Old people, with a baggie full of medication.
I know right then and there that if I get suckered into talking with them, there goes about 45 min of my day and the remainder of my patience. Why do the elderly have to be so stupid and so difficult to deal with.
You tell a crackhead that they can’t have their vicodin, and although they may pitch a fit and threaten you, eventually they get the hint and leave. Tell an old person they got their lisinopril filled 2 days ago, and they just stare at you expecting god-knows-what to magically appear in front of them.
Here are some signs and symptoms of oldfartitis:
Females: Usually they will give you the infamous blank stare (AKA: Cow Eyes) and expect you to know exactly what they are thinking. After about 45 seconds of silence and her staring at you, she will finally throw some random curveball at you like requesting refunds for drugs she picked up at another pharmacy. No matter how long you explain to her about Medicare Part D deductibles or how she received 30 atenolol just 2 days prior, it will appear that you are just talking to yourself. The same “Cow Eyes” just stare at you devoid of any sort of knowledge or common sense. Its quite frustrating. Eventually, you’ll use every technique in the english language to say “Okay, you’re done, you can go now” without outright booting her. She’ll pick up her baggie, walk out, and in 30 mins will call you and ASK YOU THE SAME FUCKING QUESTIONS YOU JUST WENT OVER WITH HER!!! Im surprised she doesn’t trip over her cordless phone (and you’re surprised you don’t hang yourself with your phone cord)

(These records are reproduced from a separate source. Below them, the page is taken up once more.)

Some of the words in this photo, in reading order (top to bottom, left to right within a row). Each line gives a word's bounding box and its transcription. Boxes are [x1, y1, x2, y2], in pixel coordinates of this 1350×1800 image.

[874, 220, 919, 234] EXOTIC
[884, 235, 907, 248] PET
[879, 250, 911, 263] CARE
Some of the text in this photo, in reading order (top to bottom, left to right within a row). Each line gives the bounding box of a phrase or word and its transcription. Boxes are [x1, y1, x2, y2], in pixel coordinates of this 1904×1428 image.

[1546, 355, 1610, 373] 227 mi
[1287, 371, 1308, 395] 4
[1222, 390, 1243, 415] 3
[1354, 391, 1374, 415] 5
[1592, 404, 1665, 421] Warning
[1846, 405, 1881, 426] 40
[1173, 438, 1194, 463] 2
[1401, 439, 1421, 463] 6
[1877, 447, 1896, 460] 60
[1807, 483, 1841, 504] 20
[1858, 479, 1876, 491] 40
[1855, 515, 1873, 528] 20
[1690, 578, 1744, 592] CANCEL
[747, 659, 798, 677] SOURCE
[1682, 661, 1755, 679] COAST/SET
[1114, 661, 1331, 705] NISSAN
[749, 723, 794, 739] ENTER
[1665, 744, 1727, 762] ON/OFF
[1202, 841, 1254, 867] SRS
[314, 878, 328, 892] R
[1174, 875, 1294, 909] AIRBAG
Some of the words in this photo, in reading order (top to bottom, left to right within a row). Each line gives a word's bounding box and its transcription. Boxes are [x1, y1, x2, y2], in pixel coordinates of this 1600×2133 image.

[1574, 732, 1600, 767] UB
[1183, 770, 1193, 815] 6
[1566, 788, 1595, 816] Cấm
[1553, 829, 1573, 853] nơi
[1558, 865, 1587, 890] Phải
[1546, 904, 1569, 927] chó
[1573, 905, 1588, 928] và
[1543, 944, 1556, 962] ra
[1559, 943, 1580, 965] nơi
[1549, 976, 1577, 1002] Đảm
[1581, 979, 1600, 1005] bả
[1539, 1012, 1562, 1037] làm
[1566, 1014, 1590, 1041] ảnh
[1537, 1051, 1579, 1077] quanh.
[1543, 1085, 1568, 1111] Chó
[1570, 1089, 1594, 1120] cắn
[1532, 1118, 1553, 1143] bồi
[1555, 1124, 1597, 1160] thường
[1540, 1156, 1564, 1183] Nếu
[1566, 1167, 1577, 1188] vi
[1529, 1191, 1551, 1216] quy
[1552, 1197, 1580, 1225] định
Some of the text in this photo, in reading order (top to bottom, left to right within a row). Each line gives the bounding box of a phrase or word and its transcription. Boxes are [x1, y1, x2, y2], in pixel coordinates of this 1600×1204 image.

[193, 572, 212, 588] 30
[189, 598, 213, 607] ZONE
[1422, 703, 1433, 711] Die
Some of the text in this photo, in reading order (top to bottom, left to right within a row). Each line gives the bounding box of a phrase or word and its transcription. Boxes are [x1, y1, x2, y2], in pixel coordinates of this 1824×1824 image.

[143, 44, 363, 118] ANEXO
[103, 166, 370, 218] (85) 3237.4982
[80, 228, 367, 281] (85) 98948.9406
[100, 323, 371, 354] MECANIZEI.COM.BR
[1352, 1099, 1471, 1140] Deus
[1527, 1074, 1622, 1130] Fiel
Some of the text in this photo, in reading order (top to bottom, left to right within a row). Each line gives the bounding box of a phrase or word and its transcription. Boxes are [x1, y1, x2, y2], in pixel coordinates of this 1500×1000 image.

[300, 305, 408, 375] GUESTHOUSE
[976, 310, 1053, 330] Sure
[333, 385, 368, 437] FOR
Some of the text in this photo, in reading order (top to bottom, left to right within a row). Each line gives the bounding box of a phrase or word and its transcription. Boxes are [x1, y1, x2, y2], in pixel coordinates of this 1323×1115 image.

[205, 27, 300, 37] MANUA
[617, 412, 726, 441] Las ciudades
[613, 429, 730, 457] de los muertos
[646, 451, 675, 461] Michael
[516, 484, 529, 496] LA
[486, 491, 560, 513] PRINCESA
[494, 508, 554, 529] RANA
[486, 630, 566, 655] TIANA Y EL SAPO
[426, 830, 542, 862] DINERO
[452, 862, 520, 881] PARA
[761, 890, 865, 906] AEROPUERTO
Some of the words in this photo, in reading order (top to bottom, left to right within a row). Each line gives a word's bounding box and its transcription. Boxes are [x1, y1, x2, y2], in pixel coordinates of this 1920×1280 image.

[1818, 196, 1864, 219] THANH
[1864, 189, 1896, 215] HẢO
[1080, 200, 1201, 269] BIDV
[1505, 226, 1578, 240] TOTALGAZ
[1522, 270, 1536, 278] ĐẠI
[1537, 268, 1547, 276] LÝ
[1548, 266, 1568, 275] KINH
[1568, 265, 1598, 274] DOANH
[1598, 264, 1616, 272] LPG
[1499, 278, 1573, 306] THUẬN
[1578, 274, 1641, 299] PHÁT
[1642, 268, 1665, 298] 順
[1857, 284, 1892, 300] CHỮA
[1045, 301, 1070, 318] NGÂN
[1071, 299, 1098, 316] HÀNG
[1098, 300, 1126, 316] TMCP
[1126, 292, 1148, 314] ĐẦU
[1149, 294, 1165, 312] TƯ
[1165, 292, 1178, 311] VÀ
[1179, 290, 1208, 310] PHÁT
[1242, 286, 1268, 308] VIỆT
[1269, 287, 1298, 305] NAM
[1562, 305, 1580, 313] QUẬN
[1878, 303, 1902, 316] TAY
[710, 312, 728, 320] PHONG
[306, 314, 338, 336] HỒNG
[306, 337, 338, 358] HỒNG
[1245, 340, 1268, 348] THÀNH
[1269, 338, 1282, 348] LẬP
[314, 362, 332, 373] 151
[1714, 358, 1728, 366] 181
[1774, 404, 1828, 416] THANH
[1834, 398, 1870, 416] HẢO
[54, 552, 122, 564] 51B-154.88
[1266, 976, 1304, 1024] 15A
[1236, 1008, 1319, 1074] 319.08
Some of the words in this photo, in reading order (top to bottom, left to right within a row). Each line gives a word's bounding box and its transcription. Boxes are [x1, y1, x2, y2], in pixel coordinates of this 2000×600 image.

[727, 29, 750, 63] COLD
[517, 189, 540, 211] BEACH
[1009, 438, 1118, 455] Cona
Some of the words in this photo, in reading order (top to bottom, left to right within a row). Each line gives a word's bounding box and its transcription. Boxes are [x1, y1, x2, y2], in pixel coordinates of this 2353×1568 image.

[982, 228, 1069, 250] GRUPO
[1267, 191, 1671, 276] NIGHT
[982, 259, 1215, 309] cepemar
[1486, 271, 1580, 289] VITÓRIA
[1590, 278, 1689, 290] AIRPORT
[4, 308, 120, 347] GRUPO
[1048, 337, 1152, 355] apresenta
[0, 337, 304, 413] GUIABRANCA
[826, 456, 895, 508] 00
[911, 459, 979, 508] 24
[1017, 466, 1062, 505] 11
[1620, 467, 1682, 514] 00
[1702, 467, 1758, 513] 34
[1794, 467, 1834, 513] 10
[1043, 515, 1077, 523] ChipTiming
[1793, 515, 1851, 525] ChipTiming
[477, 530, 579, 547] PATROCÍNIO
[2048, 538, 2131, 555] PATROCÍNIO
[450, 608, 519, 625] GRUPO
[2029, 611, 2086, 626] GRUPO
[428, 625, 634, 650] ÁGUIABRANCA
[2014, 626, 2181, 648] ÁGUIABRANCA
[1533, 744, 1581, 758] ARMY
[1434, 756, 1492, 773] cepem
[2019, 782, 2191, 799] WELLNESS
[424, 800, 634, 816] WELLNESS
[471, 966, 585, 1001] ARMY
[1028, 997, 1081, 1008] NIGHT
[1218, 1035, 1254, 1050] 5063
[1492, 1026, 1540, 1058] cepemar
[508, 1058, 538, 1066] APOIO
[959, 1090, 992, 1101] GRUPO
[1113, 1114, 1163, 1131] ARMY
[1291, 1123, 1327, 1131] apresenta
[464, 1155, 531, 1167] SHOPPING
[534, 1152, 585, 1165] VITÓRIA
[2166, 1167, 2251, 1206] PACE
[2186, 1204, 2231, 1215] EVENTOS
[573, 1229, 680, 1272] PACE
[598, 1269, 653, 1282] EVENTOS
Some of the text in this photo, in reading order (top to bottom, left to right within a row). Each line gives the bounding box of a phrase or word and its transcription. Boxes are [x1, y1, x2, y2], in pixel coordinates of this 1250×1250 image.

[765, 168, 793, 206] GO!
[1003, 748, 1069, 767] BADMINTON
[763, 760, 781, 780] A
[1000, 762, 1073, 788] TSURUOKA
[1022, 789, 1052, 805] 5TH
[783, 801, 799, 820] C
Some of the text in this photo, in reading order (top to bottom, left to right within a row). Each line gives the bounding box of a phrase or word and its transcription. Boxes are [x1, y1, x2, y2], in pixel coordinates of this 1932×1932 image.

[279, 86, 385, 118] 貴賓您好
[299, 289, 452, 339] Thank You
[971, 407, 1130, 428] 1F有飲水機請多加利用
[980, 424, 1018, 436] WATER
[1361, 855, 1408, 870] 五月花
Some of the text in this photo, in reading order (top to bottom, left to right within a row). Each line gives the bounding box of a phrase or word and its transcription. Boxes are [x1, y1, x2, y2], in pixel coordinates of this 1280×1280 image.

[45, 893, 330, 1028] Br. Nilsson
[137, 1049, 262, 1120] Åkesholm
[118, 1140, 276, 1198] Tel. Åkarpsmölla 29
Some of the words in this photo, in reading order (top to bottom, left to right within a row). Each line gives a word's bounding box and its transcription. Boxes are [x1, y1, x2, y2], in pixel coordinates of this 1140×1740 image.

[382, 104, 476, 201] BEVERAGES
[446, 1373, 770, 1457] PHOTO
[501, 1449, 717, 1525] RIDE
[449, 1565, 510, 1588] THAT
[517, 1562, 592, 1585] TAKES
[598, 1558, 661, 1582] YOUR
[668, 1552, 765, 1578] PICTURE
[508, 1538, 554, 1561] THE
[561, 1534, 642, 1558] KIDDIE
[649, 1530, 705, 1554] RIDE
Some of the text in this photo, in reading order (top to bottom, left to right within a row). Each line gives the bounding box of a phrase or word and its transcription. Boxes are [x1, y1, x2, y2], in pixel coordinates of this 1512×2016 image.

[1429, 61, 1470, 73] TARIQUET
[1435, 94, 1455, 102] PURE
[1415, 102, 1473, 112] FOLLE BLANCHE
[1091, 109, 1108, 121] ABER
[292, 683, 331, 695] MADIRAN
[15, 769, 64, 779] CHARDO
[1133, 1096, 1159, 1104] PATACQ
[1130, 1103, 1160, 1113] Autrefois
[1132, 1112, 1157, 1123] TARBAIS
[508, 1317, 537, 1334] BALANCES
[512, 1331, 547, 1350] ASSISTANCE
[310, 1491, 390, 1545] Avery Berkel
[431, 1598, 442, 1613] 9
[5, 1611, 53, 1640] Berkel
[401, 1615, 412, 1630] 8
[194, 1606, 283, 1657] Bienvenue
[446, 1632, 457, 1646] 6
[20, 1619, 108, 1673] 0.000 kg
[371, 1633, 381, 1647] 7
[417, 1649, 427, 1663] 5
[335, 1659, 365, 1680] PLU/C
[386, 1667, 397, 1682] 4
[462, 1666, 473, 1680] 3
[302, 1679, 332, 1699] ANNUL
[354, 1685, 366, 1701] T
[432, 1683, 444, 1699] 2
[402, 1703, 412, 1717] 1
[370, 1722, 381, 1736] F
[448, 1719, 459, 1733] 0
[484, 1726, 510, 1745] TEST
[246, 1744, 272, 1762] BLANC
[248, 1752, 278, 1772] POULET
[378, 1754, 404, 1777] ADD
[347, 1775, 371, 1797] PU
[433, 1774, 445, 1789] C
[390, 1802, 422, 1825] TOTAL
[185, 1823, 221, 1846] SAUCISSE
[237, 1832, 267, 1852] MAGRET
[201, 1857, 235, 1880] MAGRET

Males: Everything is your fucking fault. You are the reason why Hitler killed those jews, why Jag got canceled from channel 12 and why Hometown Buffet and Cracker Barrel was closed last Saturday so they can repaint. In their mind, you have screwed the pooch big time, and the only solution is to sit there and express their confusion via yelling at you. No cow-eyes for them, they just blab their frustration with why they cannot pee and why they have not pooped today right over that counter all over your little white coat. You can show them the video tapes of them coming into your store 2 days ago and picking up their pills and they will STILL yell at you and call you a liar and demand their refills. They squack about their $1 copays each time every time, and you wonder how Mrs Cow Eyes can live with Mr Poopy Pants.
Both of them share one thing: The inability to grasp and understand simple concepts. I’m not talking about people who are on 10 different medications here, I’m talking about 2 pills both taken at bedtime. At what point do you draw the line and say “Hey, listen. No offense, but I don’t think you are mentally capable of taking this lisinopril once daily. Let me put corks on the end of your forks and give you the rounded scissors so you don’t harm yourself”. These patients are super high maintenance, and to be honest I’d rather deal with the scummiest crackhead off the street who can understand what I’m saying.
Its sad that I have to rag on the aging population, however they are pissing away all of my Medicare money that I pay into and will never see, so since I’m footing the bill for their lives I can rag on them all I want.